As espécies piscívoras, ou seja, que se alimentam de outros peixes, apresentaram os níveis mais altos de contaminação. As maiores médias foram reportadas entre a piranha preta (Serrasalmus rhombeus), ultrapassando em quase quatro vezes o limite máximo permitido (0,5 µg.g-1) para comercialização e consumo de pescado, de acordo com as recomendações da FAO/OMS.
“Os indígenas querem saber o que comer, pois os peixes contaminados estão na nossa mesa e o alimento que temos vem do rio. A presença do garimpo afeta não só a saúde, mas toda a nossa vida social com a chegada das drogas, da violência doméstica e da prostituição. É preocupante, mas precisamos de uma solução. A gente tem que criminalizar e punir as pessoas que contaminam o rio”, revela a líder indígena Alessandra Korap Munduruku.
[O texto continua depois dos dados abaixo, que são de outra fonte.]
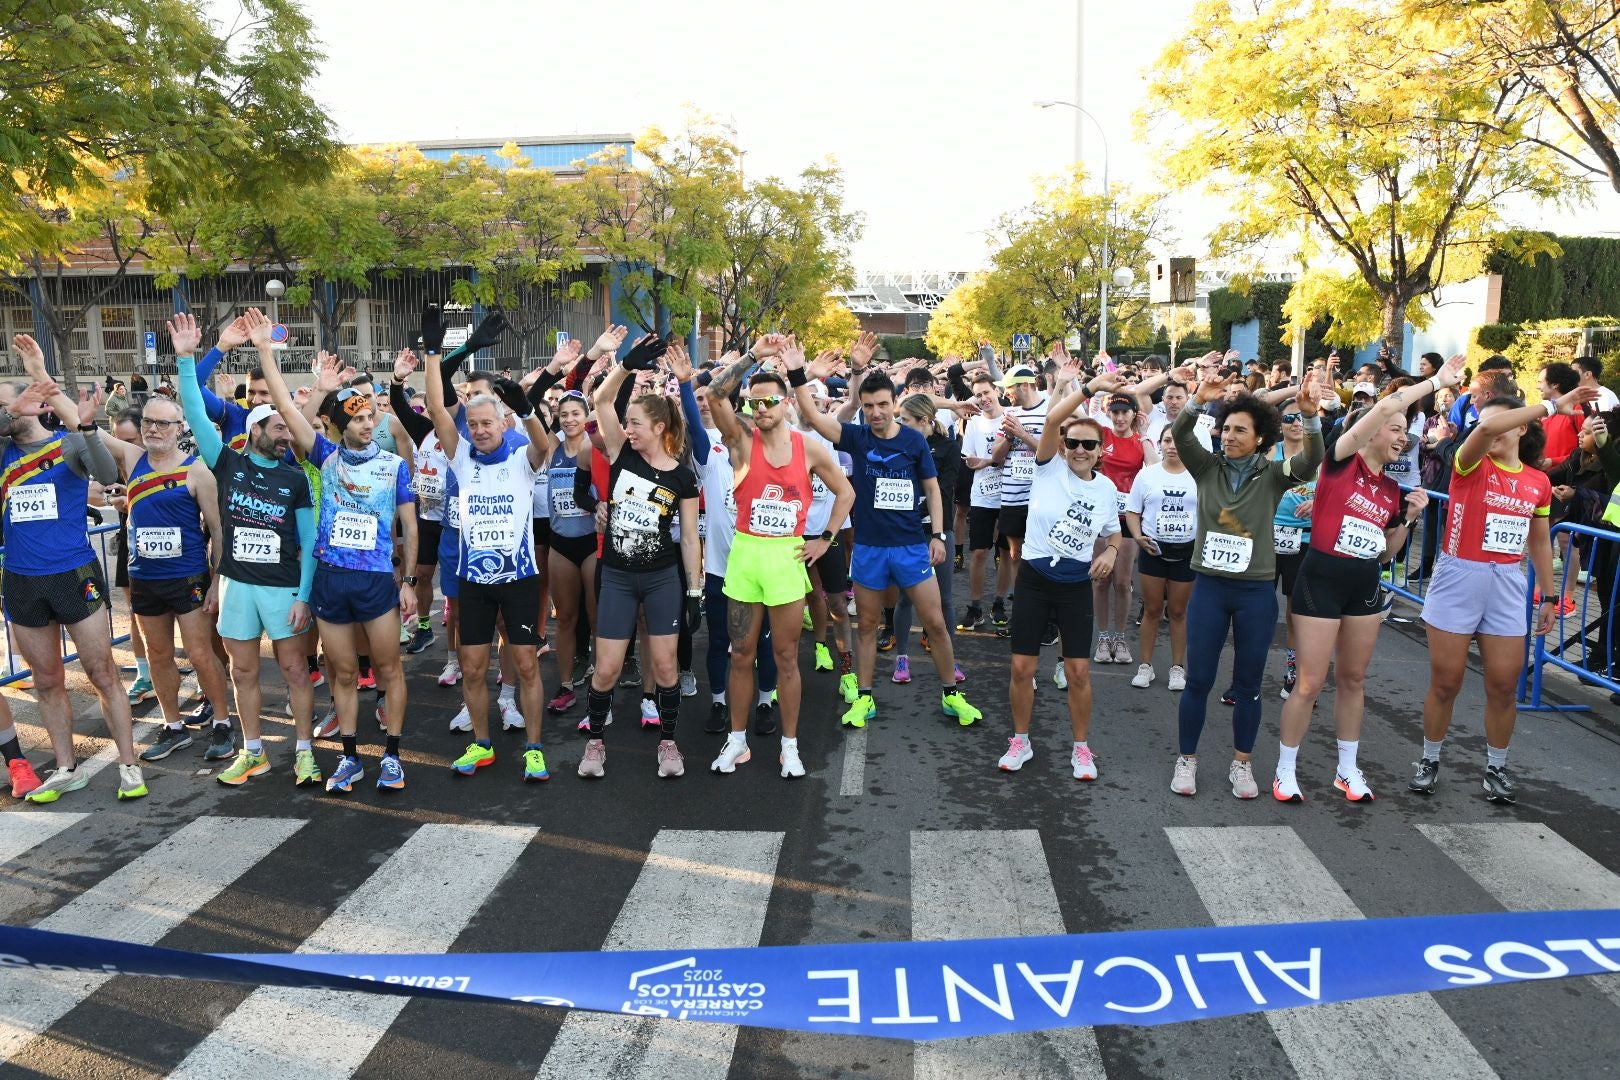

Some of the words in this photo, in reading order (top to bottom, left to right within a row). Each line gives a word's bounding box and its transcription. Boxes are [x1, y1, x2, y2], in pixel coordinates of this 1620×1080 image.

[1014, 466, 1033, 475] 1768
[11, 488, 48, 496] CASTILLOS
[420, 484, 436, 494] 1728
[812, 483, 824, 493] 46
[467, 494, 515, 505] ATLETISMO
[880, 491, 910, 503] 2059
[16, 500, 45, 513] 1961
[231, 490, 287, 518] MADRID
[468, 504, 513, 515] APOLANA
[557, 500, 577, 511] 185
[624, 498, 656, 513] CASTILLOS
[756, 503, 792, 512] CASTILLOS
[1117, 502, 1126, 511] 78
[338, 515, 373, 525] CASTILLOS
[622, 510, 650, 527] 1946
[757, 515, 787, 528] 1824
[1066, 508, 1092, 527] CAN
[1492, 518, 1527, 527] CASTILLOS
[1163, 523, 1187, 532] 1841
[1348, 521, 1382, 536] CASTILLOS
[239, 531, 275, 539] CASTILLOS
[338, 527, 367, 541] 1981
[477, 530, 505, 542] 1701
[1494, 531, 1523, 545] 1873
[143, 541, 173, 552] 1910
[1055, 530, 1084, 551] 2056
[1210, 536, 1247, 547] CASTILLOS
[1274, 538, 1294, 549] 562
[1347, 534, 1378, 553] 1872
[241, 543, 271, 555] 1773
[1211, 549, 1240, 564] 1712
[683, 969, 723, 981] 2025
[637, 982, 766, 998] CASTILLOS
[807, 947, 1321, 1024] ALICANTE
[670, 999, 764, 1010] CARRERA
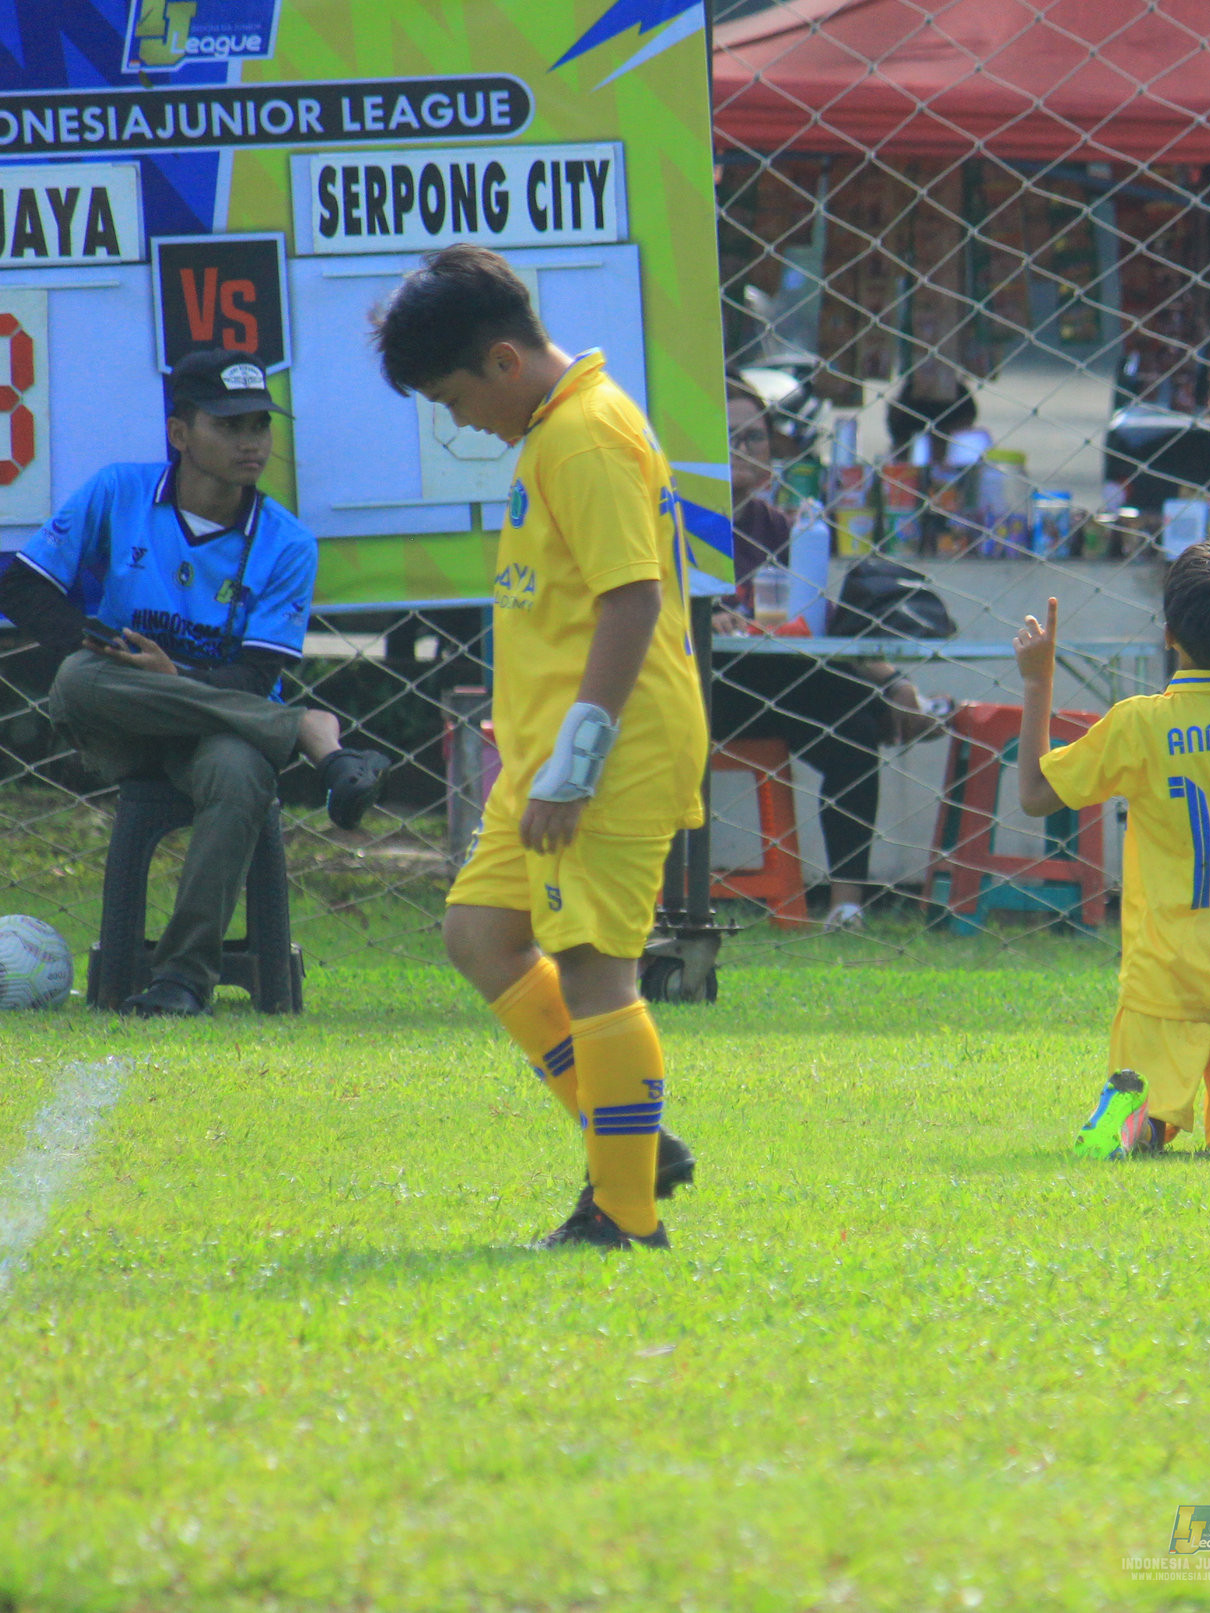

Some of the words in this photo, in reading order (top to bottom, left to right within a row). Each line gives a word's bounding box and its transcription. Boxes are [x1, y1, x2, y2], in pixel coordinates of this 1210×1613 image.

[171, 31, 262, 58] League
[341, 90, 512, 133] LEAGUE
[0, 186, 121, 258] AYA
[318, 160, 510, 239] SERPONG
[527, 159, 611, 233] CITY
O estudo traz também uma série de recomendações, incluindo a interrupção imediata do garimpo em terras indígenas, um plano para descontinuar o uso de mercúrio no garimpo, assim como um plano de manejo de risco para as populações cronicamente expostas ao mercúrio. A coleta de dados ocorreu entre 29 de outubro e 9 de novembro de 2019, com 200 habitantes de três aldeias impactadas pelo garimpo: Sawré Muybu, Poxo Muybu e Sawré Aboy. O processo incluiu entrevistas, avaliação clínico-laboratorial, coleta de amostras de cabelo e coleta de amostras de peixes para aferição dos níveis de mercúrio.
Curso forma lideranças sobre impactos do garimpo
Em dezembro ocorrerá o 3º módulo do curso Impactos da Atividade Garimpeira e a Defesa dos Direitos dos Povos Tradicionais do Brasil. O curso é resultado de uma parceria firmada entre a Escola Politécnica de Saúde Joaquim Venâncio (EPSJV/Fiocruz), a Escola Nacional de Saúde Pública (Ensp/Fiocruz) e o WWF-Brasil.
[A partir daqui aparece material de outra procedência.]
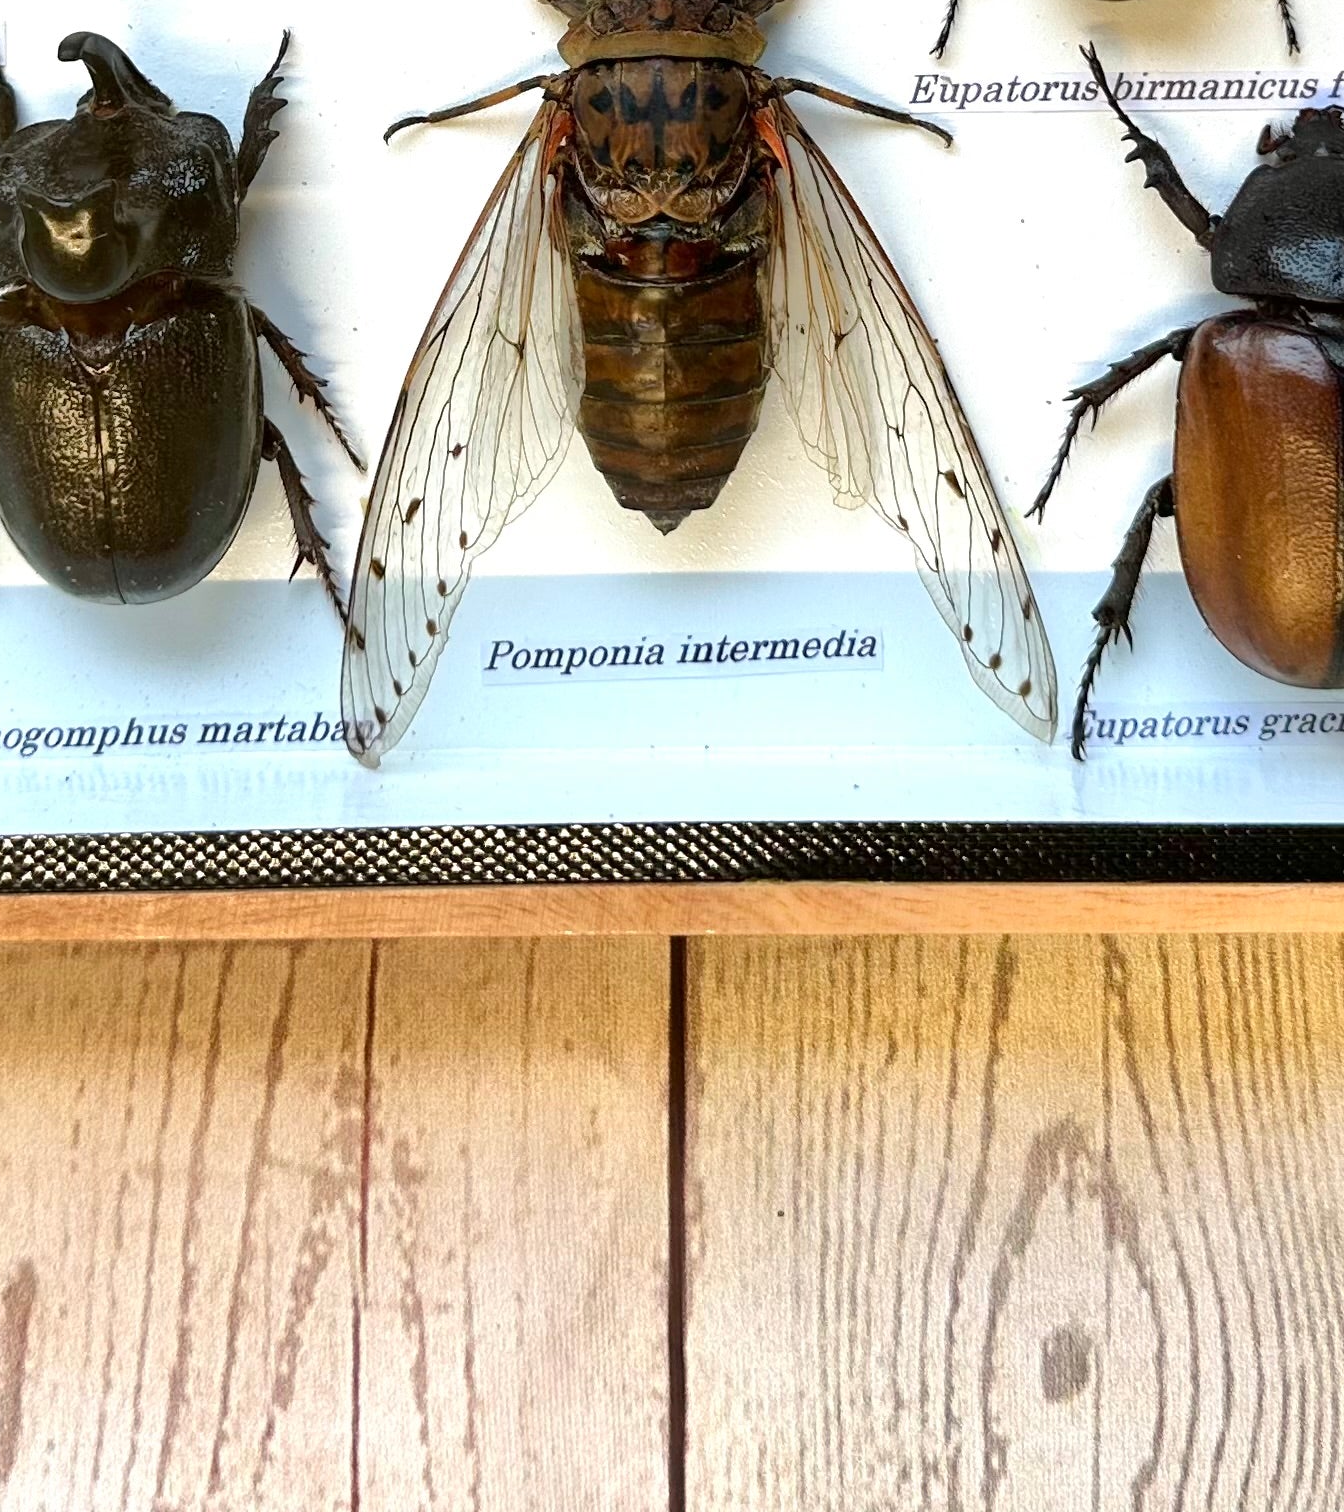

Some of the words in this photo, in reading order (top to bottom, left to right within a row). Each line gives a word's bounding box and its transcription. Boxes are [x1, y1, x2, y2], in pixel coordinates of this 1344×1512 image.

[908, 74, 1100, 109] Eupatorus
[1112, 71, 1319, 101] birmanicus
[482, 636, 665, 674] Pomponia
[676, 630, 877, 665] intermedia
[1066, 709, 1251, 745] Eupatorus
O objetivo é contribuir para a formação de lideranças comunitárias que militam contra a expansão da atividade garimpeira na Amazônia e em defesa dos direitos dos Povos Tradicionais Brasileiros. O curso é direcionado para lideranças indígenas, lideranças jovens, representantes de comunidades quilombolas e ribeirinhas, entre outras, e que vivam em áreas do Brasil que estejam sob a influência direta ou indireta da atividade garimpeira.
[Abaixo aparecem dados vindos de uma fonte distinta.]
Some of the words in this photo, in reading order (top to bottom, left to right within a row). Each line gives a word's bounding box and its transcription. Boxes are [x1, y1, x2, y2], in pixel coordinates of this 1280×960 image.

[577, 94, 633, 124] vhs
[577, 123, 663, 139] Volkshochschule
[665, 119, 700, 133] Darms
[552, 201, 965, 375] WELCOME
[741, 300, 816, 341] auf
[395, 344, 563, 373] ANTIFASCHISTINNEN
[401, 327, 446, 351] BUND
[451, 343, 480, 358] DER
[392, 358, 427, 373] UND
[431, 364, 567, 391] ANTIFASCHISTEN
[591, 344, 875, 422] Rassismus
Para a pesquisadora Ana Claudia Vasconcellos (EPSJV/Fiocruz), o curso é de fundamental importância, pois colabora para análise e a reflexão sobre o tema, favorecendo a construção de argumentações em defesa dos direitos dos povos tradicionais.
“Quando tivemos a oportunidade de debater os resultados da pesquisa com as lideranças indígenas, percebemos o quanto seria importante falar com mais clareza sobre o impacto do garimpo e sobre como ocorre a contaminação humana e ambiental pelo mercúrio. Por meio do curso, buscamos empoderar essas lideranças incentivando o conhecimento técnico sobre o tema”.